XML Dynamic Parsing

Still new to ELK. I'd like to parse an XML with Logstash and output to Elasticsearch.

XML:

<mydata>
    <data1>O</data1>
    <data2>false</data2>
            .
            .
            .
    <data3 REPEATINGTYPE="PageGroup">
        <rowdata REPEATINGINDEX="subdata1">
            <datax1>mycontent1</datax1>
            <datax2>mycontent2</datax2>
            .
            .
            .
        </rowdata>
        <rowdata REPEATINGINDEX="subdata2">
            <datax1>mycontent1</datax1>
            <datax2>mycontent2</datax2>
            .
            .
            .
        </rowdata>
    .
    .
    .
</mydata>

My Config File:

input{
    file{
        path => "/usr/share/logstash/bin/myXML.xml"
        start_position => beginning
    }
}
#filter{
#    I DON'T KNOW WHAT TO PUT HERE
#}
output{
    elasticsearch{
        hosts => ["localhost:9200"]
        user => elastic
        password => changeme
    }
    stdout{}
}

I am confused as to how I should make my config file with the filters and what not.
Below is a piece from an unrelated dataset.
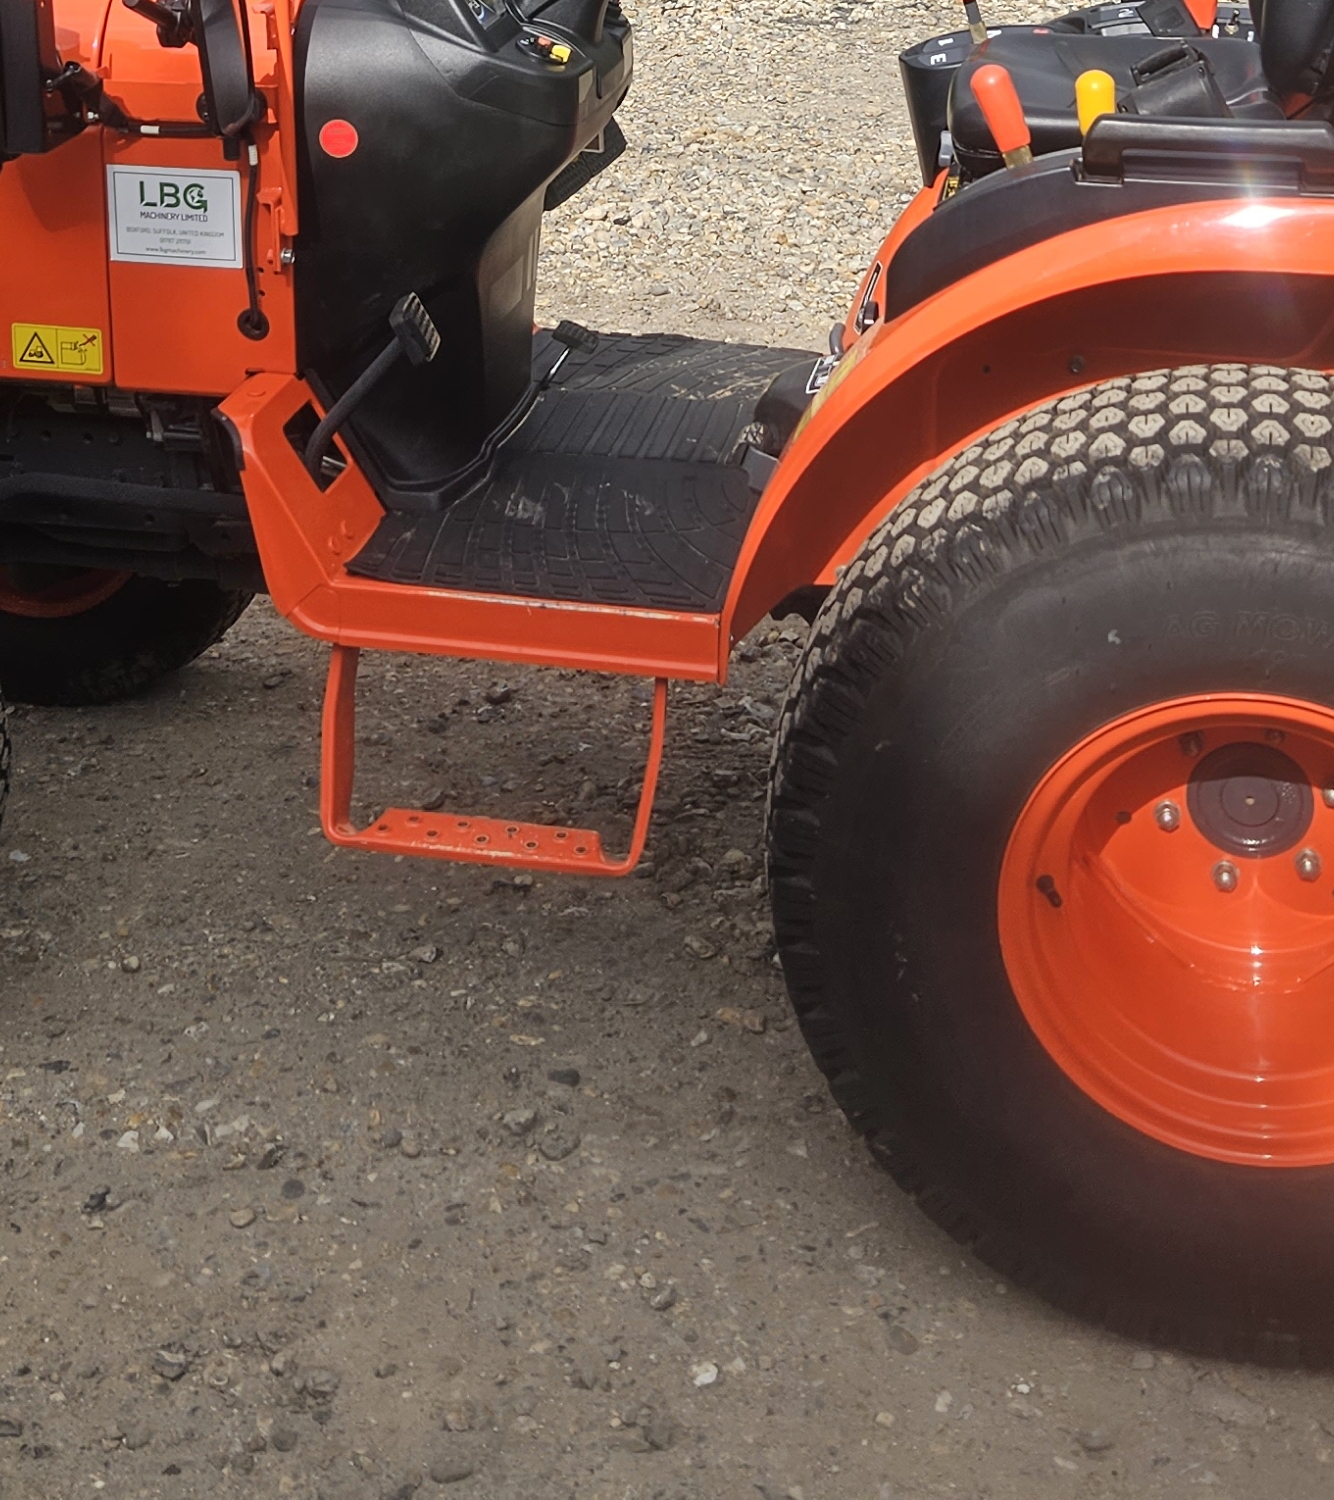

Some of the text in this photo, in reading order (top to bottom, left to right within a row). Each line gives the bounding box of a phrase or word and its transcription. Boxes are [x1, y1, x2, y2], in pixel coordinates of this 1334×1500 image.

[139, 180, 208, 213] LBG
[140, 211, 208, 222] MACHINERY LIMITED
The XML file will have nearly hundreds of fields (hence the ". . . " and some have sub-fields (sort of a Object Oriented way of encapsulating the data within other data like a Class in Java). Is there a way to dynamically parse the XML file so I don't have to manually define the fields and the contents of them?
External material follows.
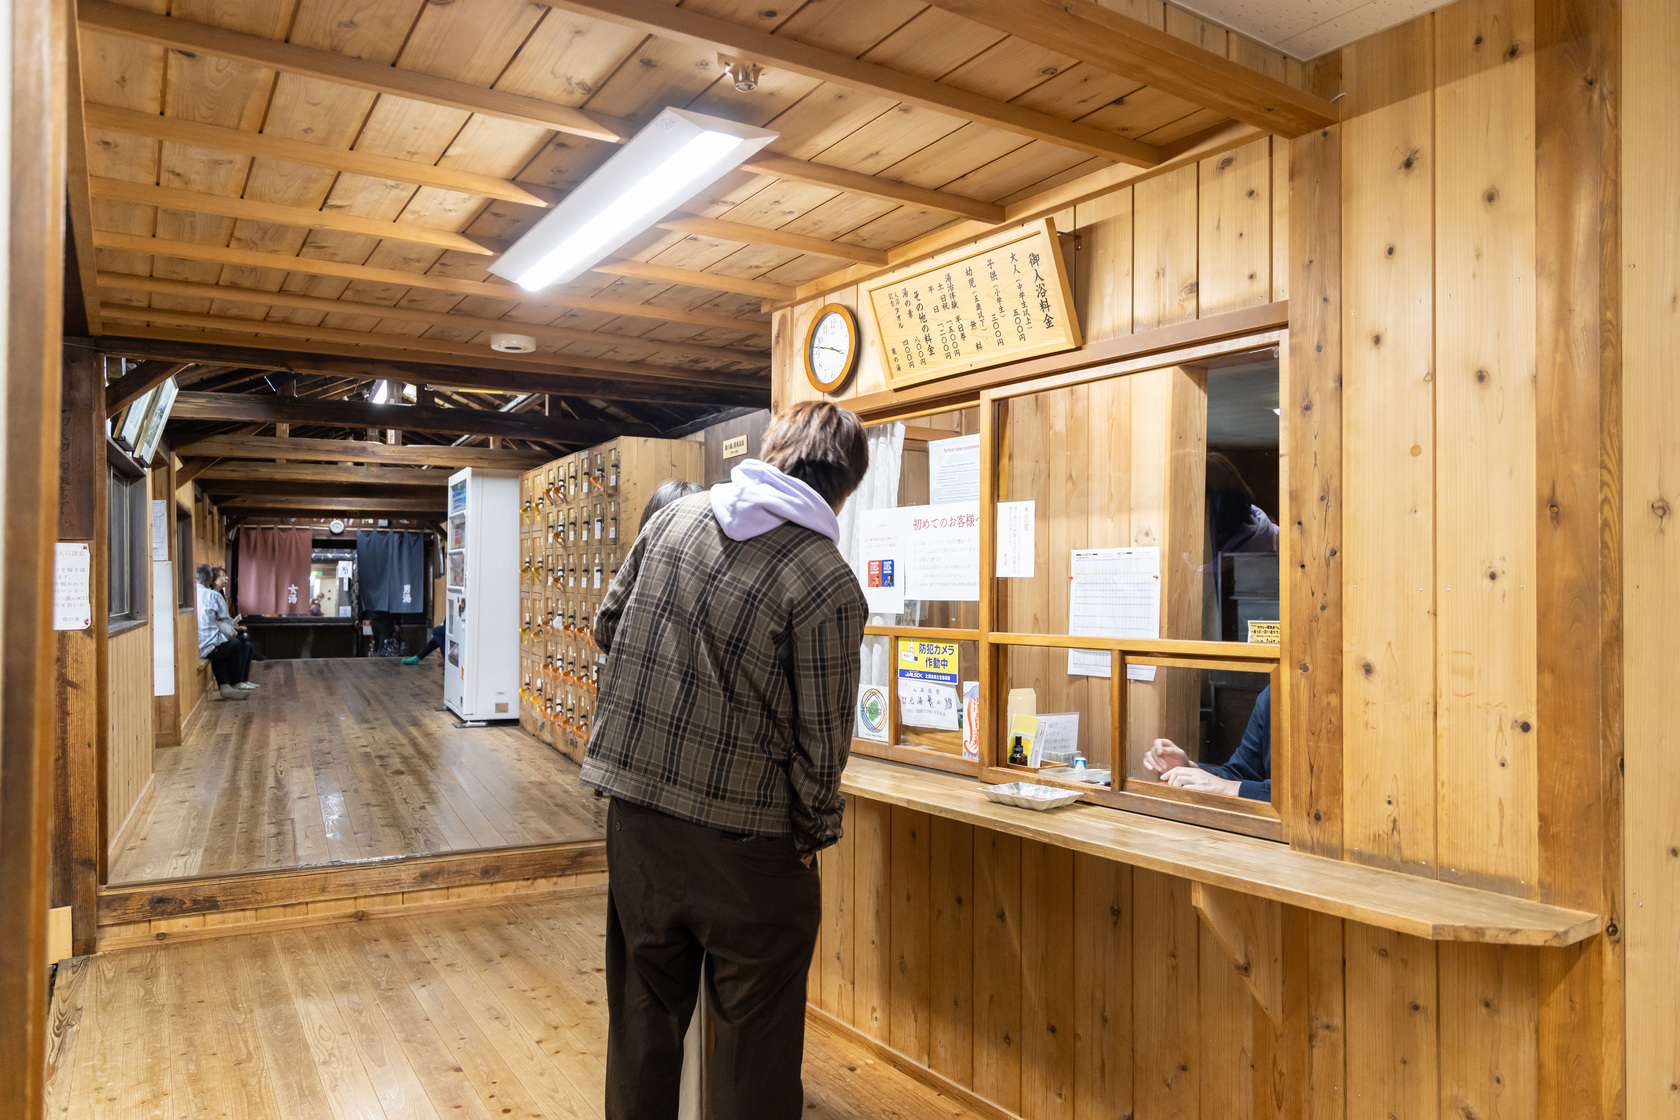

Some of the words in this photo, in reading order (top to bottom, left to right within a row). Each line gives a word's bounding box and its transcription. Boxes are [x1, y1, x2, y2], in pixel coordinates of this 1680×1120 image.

Also, am I outputting to Elasticsearch correctly?

Any help would be greatly appreciated :slight_smile:

Use ruby code plugin with Nokogiri ruby extension.

@Suman_Reddy1 is there any documentation and examples of ruby and Nokogiri anywhere?

I found this: https://www.elastic.co/guide/en/logstash/current/plugins-filters-ruby.html

You should use a multiline codec on the input to consume the entire file as a single event. There are many threads about how to do that. Then you can use a logstash xml filter to parse the XML

filter {
  xml { source => "message" target => "theXML" }
}

The output looks like this

        "theXML" => {
        "data3" => [
            [0] {
                "REPEATINGTYPE" => "PageGroup",
                      "rowdata" => [
                    [0] {
                                "datax1" => [
                            [0] "mycontent1"
                        ],
                                "datax2" => [
                            [0] "mycontent2"
                        ],
                        "REPEATINGINDEX" => "subdata1"
                    },
                    [1] {
                                "datax1" => [
                            [0] "mycontent1"
                        ],
                                "datax2" => [
                            [0] "mycontent2"
                        ],
                        "REPEATINGINDEX" => "subdata2"
                    }
                ]
            }
        ],
        "data1" => [
            [0] "O"
        ],
        "data2" => [
            [0] "false"
        ]
    }

or, if you set force_array => false

        "theXML" => {
        "data3" => {
            "REPEATINGTYPE" => "PageGroup",
                  "rowdata" => [
                [0] {
                            "datax2" => "mycontent2",
                    "REPEATINGINDEX" => "subdata1",
                            "datax1" => "mycontent1"
                },
                [1] {
                            "datax2" => "mycontent2",
                    "REPEATINGINDEX" => "subdata2",
                            "datax1" => "mycontent1"
                }
            ]
        },
        "data1" => "O",
        "data2" => "false"
    }

Ok. My bad, I didnt see your configuration.
With your configuration, logstash will read each line as a new event. To fix that use multiline codec. Multiline codec will aggregate multiple lines into a single log event, in this case it will create one xml file. There are plenty of sample around multiline please go through them. As I am on mobile device unable to give you exact config.
Secondly, once we aggregated and created a single xml file use ruby code.

ruby{
code => “
require nokogiri
xml=event.get(“message”)
<>

}

Above is a reference how to parse xml

@Badger does the Logstash XML filter work to dynamically parse out every tag in the XML? In other words, do I have to specify each field in the filter that exists in my XML?

@Suman_Reddy1 Thank you. I will take a look into the Ruby and Nokogiri. If you have any more info once you have time, I'd really appreciate that too. I'll try and keep learning.

Yes. The filter I showed parsed out all the fields in the XML

Below is a recursive way of iterating all elements in an xml

ruby {
		code => "
					require 'nokogiri'def iterative(ele)
        	ele.children.each do |tempNode|
        		if tempNode.text?
        			puts tempNode.content
        		else
        			iterative(tempNode)
        		end
        	end
        end
        xml_doc = Nokogiri::XML.parse(event.get('xml-data'))
        iterative(xml_doc)"
      }

Above is the sample, which we used to parse xml do some inline masking on the data. This should give you some insight on xml processing. If you dont have to do much manipulation on XML, I would suggest Badger solution rather than this.

1 Like

This topic was automatically closed 28 days after the last reply. New replies are no longer allowed.